- _EXTRACTED MATERIAL_:
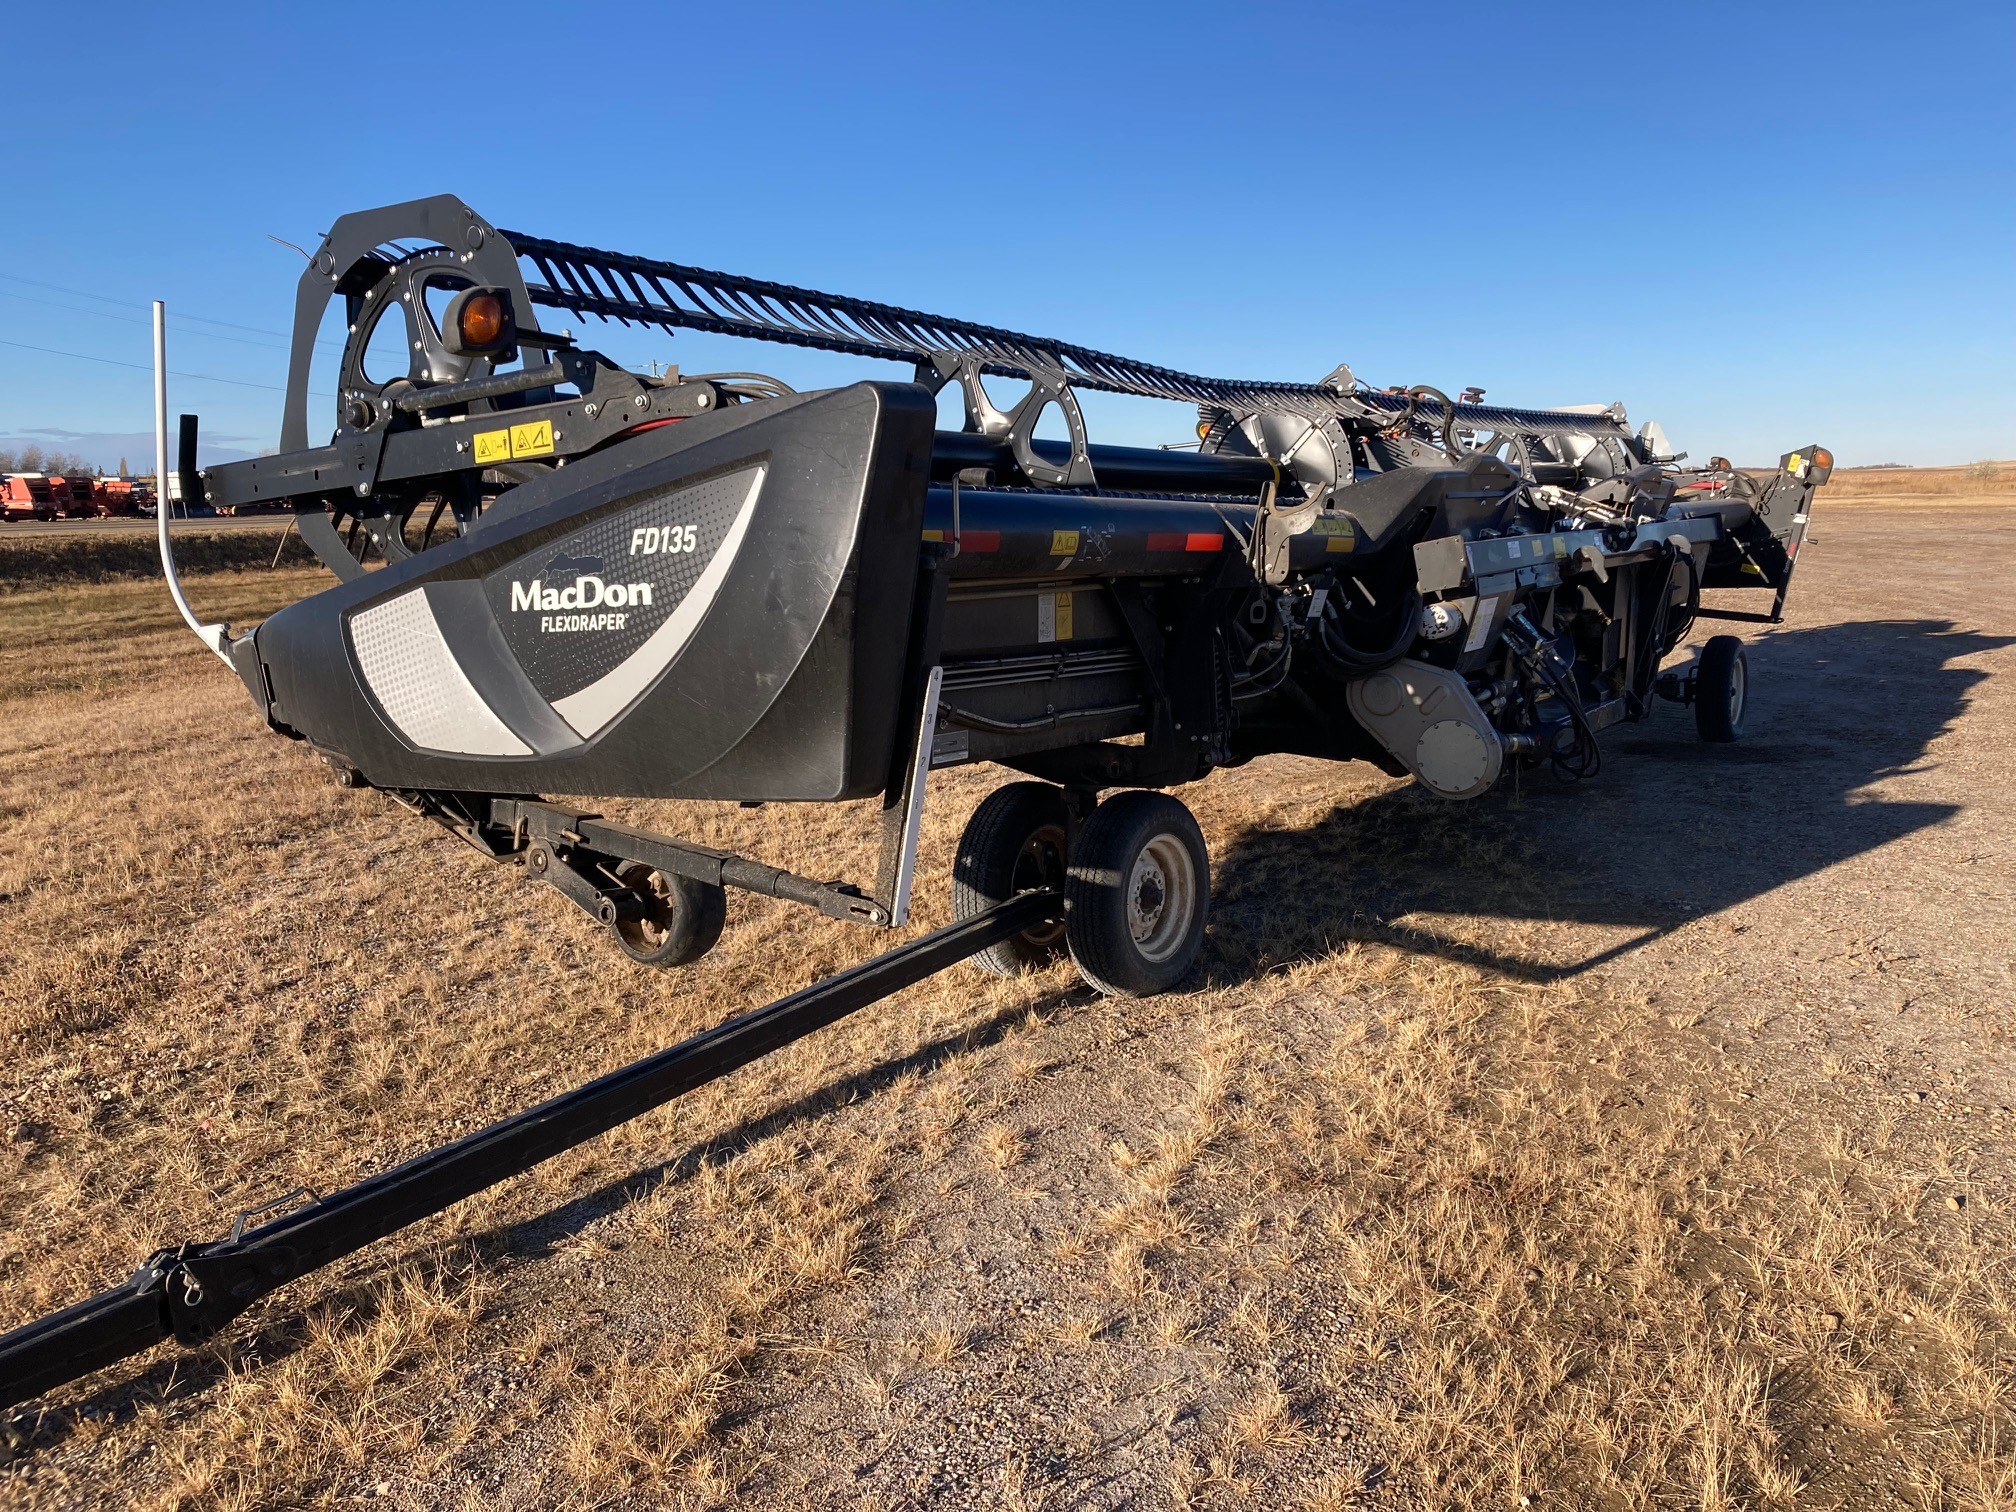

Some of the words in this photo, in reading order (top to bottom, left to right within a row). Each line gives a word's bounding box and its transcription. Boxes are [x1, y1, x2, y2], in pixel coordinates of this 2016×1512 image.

[630, 525, 698, 555] FD135
[511, 576, 653, 612] MacDon
[541, 615, 627, 633] FLEXDRAPER
[933, 670, 939, 682] 4
[927, 713, 933, 725] 3
[920, 756, 926, 767] 2
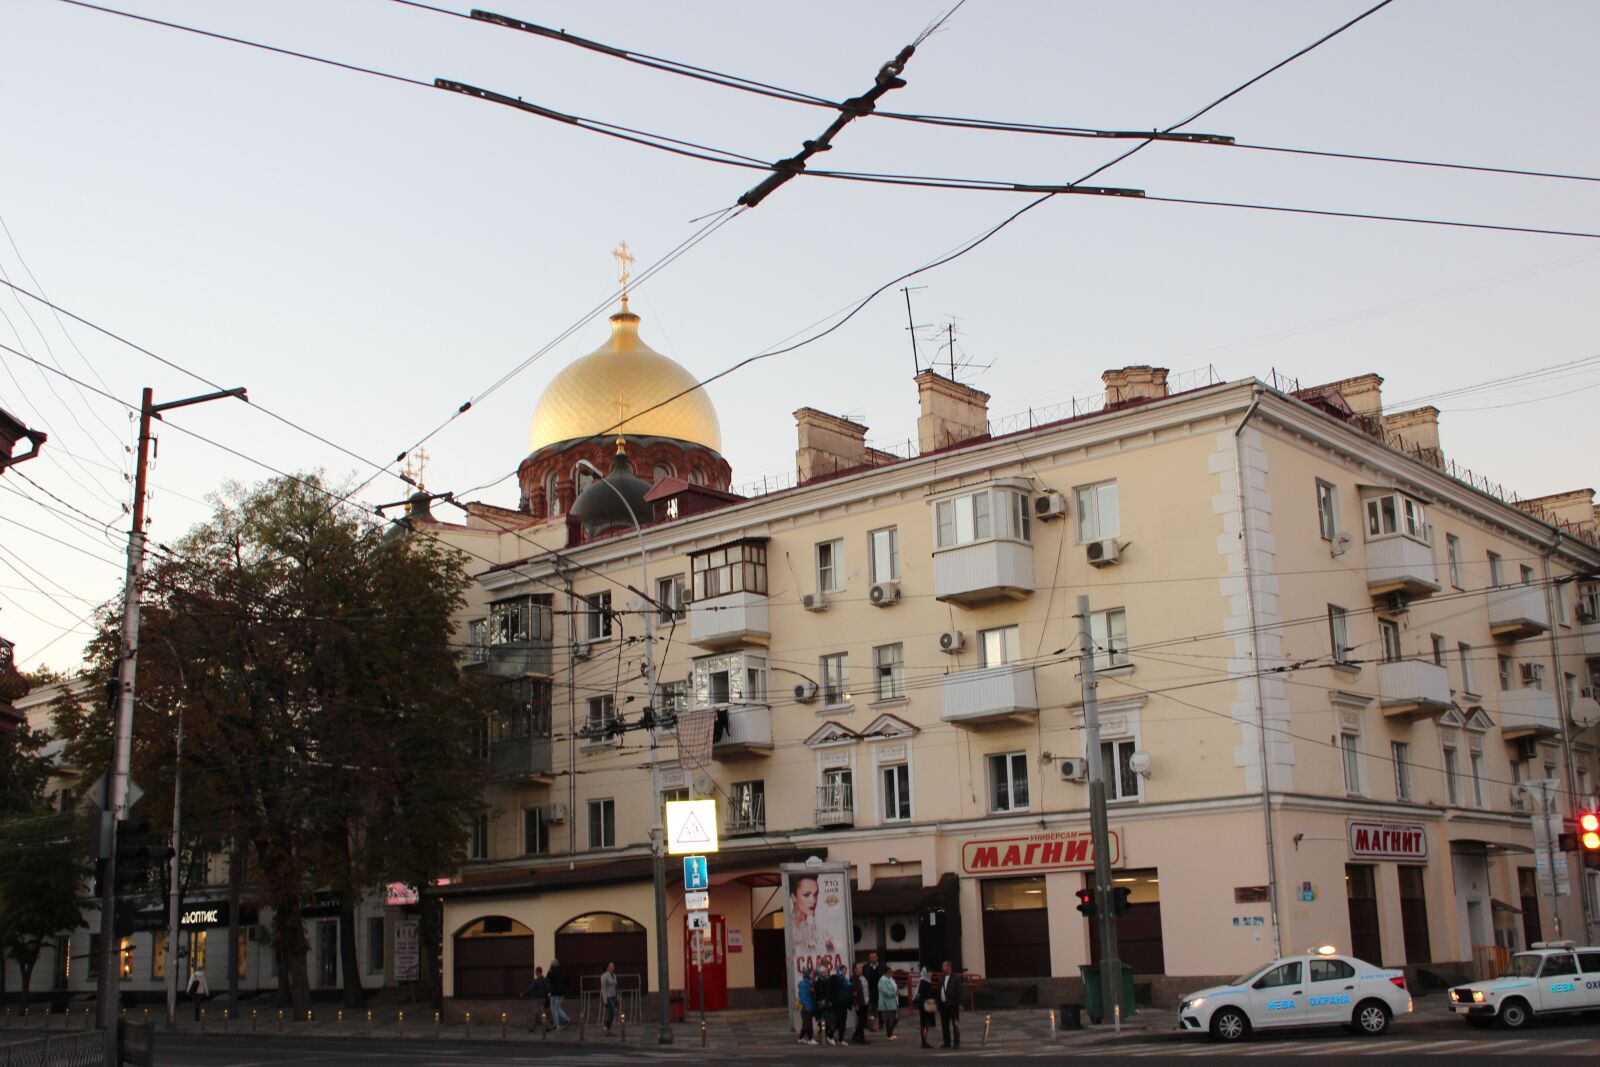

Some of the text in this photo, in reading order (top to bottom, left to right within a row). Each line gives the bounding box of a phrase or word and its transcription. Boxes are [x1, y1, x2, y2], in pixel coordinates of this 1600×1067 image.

[1029, 831, 1078, 841] УНИВЕРСАМ
[1355, 829, 1421, 852] МАГНИТ
[1308, 994, 1351, 1007] ОХРАНА
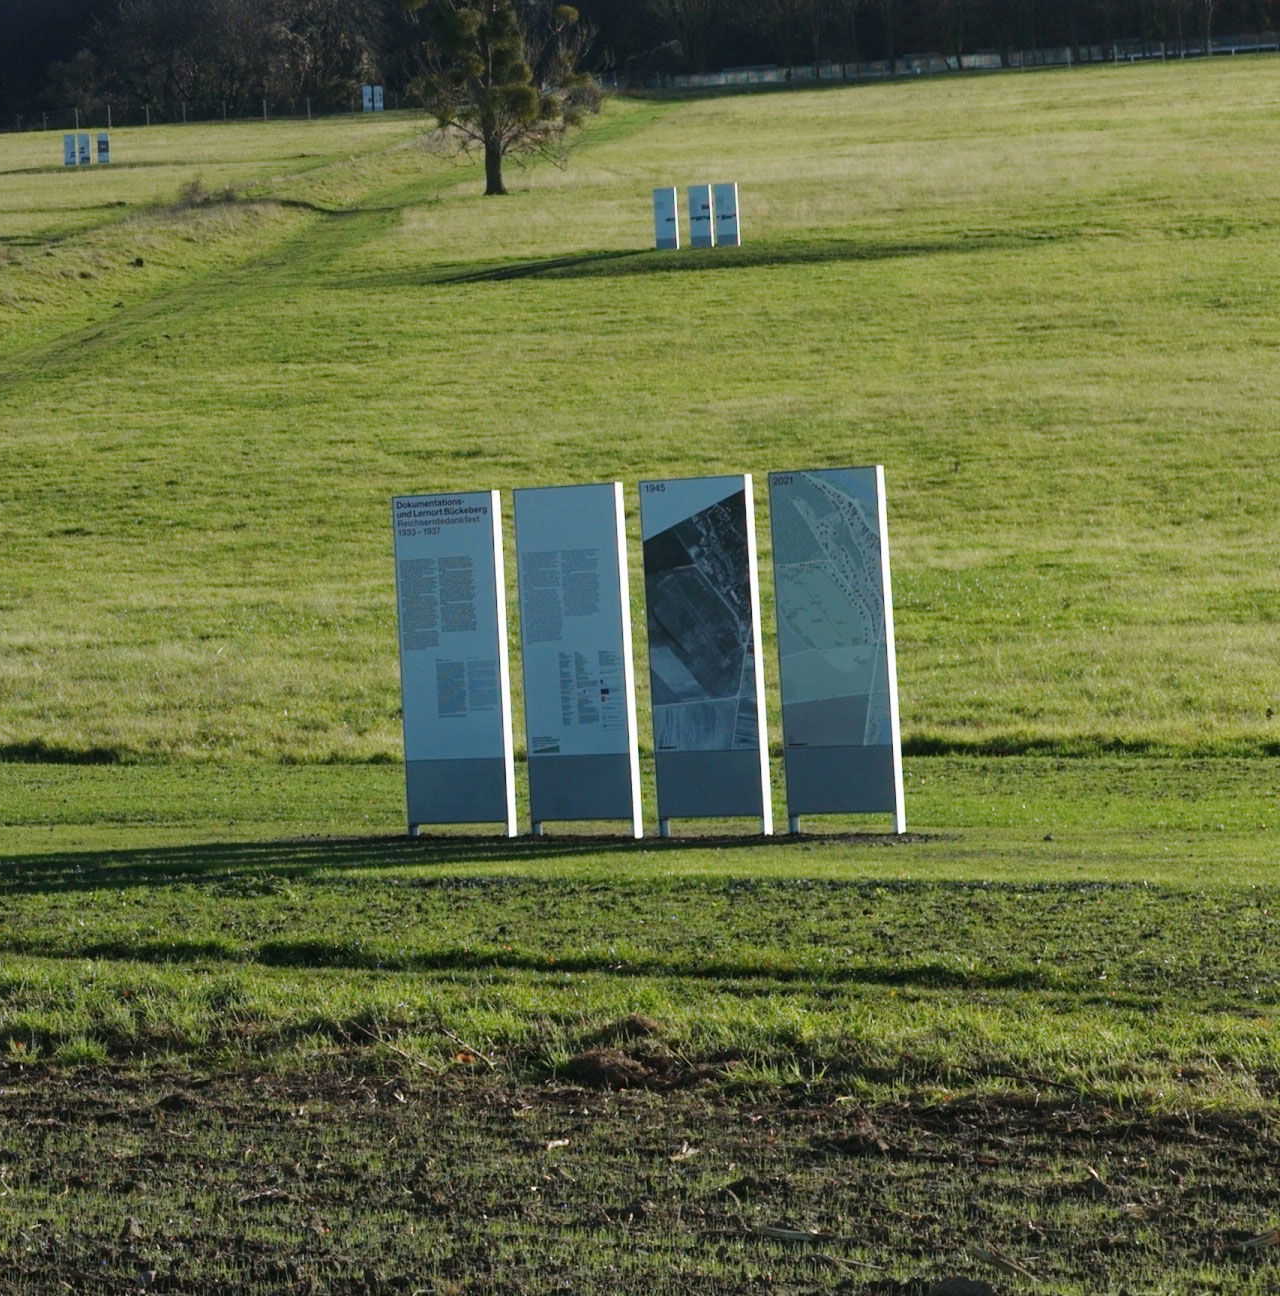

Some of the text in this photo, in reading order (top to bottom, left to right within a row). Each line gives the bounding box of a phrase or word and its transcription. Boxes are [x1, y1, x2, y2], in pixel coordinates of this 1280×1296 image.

- _PROBLEM DESCRIPTION_: Lines from the one containing "this 1600×1067 image." through the final line of the entries above are to be retyped exactly, with every picture left out.

- _TASK SOLUTION_:
Some of the text in this photo, in reading order (top to bottom, left to right within a row). Each line gives the bounding box of a phrase or word and its transcription. Boxes are [x1, y1, x2, y2], in pixel coordinates of this 1600×1067 image.

[1029, 831, 1078, 841] УНИВЕРСАМ
[1355, 829, 1421, 852] МАГНИТ
[1308, 994, 1351, 1007] ОХРАНА

Some of the text in this photo, in reading order (top to bottom, left to right within a row). Each line gives the bounding box of a phrase or word and its transcription. Boxes are [x1, y1, x2, y2], in pixel coordinates of this 1280×1296 image.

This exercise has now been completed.